- [WHAT TO PRODUCE] Make an exact copy of the listing underneath, skipping each picture.

....

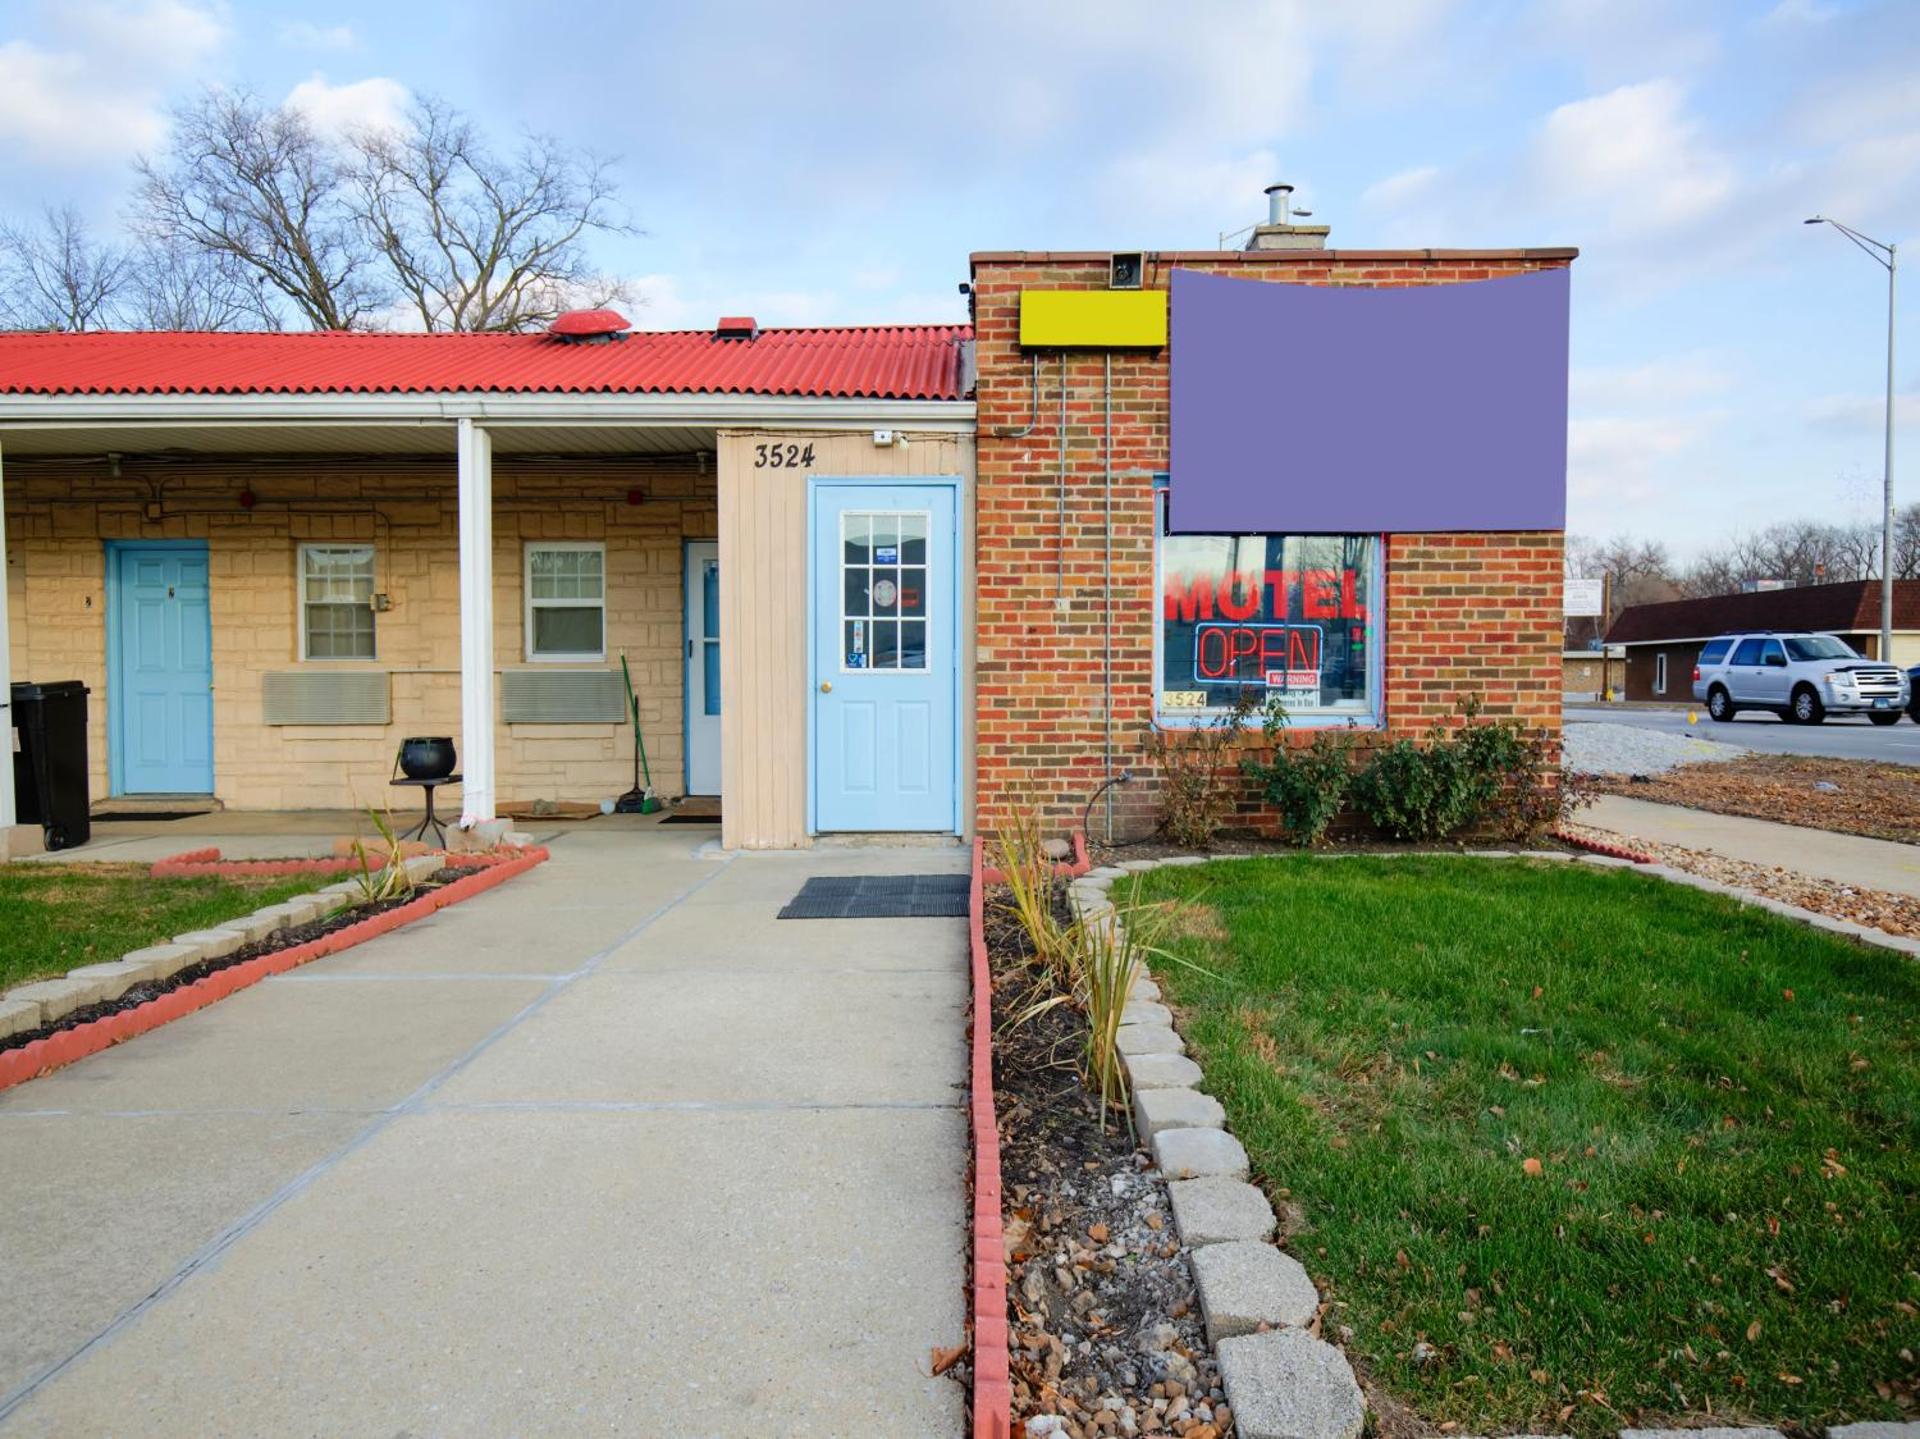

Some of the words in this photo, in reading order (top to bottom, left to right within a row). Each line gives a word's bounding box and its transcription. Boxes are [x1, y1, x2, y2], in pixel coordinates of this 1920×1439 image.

[754, 442, 815, 468] 3524
[1163, 569, 1366, 621] MOTEL
[1199, 627, 1319, 678] OPEN
[1165, 692, 1206, 706] 3524

....

- [ANSWER BOX]
Some of the words in this photo, in reading order (top to bottom, left to right within a row). Each line gives a word's bounding box and its transcription. Boxes are [x1, y1, x2, y2], in pixel coordinates of this 1920×1439 image.

[754, 442, 815, 468] 3524
[1163, 569, 1366, 621] MOTEL
[1199, 627, 1319, 678] OPEN
[1165, 692, 1206, 706] 3524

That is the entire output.